### Given data

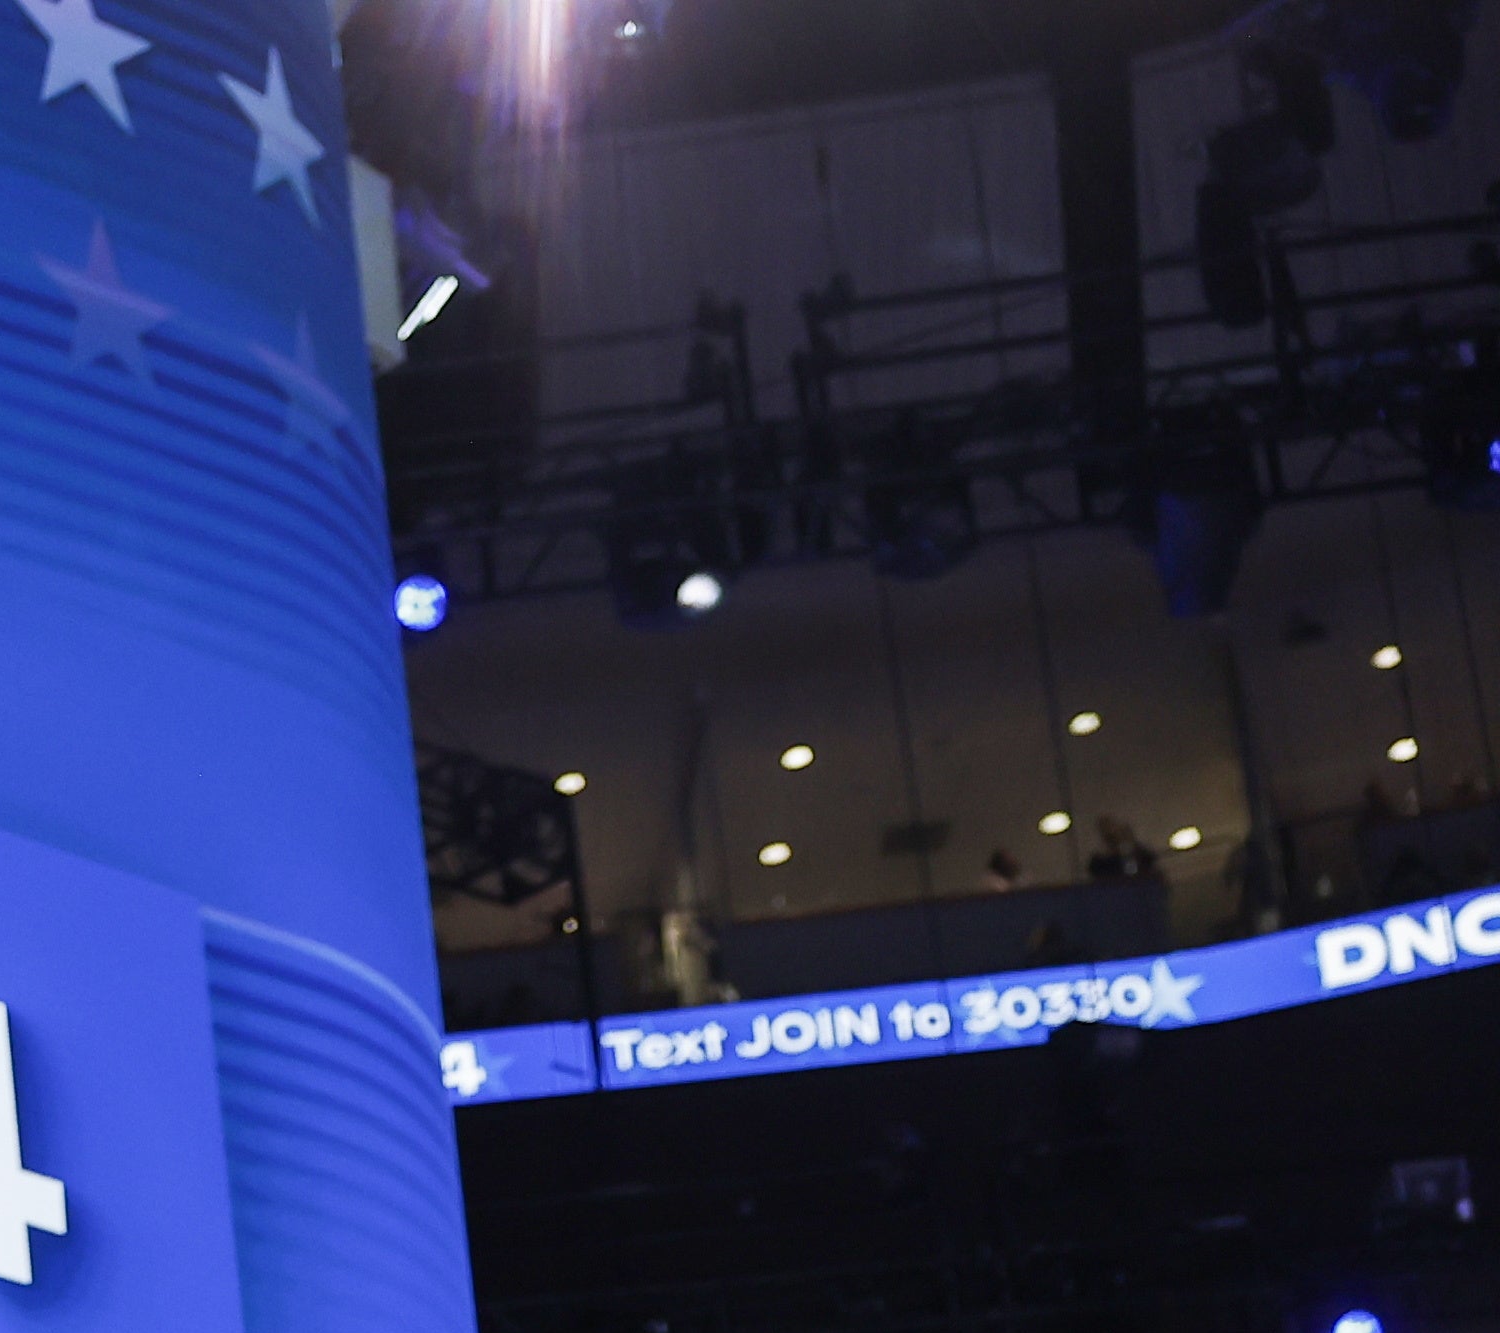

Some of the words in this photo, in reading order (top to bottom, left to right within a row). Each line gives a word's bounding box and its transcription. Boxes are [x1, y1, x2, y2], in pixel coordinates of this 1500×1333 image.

[1315, 893, 1500, 990] DNC
[601, 1021, 727, 1071] Text
[735, 1003, 880, 1058] JOIN
[889, 1003, 951, 1042] to
[961, 974, 1152, 1034] 30330

### Task to carry out
Nothing but the pictures should be left out when the material above is copied.

### Response area
Some of the words in this photo, in reading order (top to bottom, left to right within a row). Each line gives a word's bounding box and its transcription. Boxes are [x1, y1, x2, y2], in pixel coordinates of this 1500×1333 image.

[1315, 893, 1500, 990] DNC
[601, 1021, 727, 1071] Text
[735, 1003, 880, 1058] JOIN
[889, 1003, 951, 1042] to
[961, 974, 1152, 1034] 30330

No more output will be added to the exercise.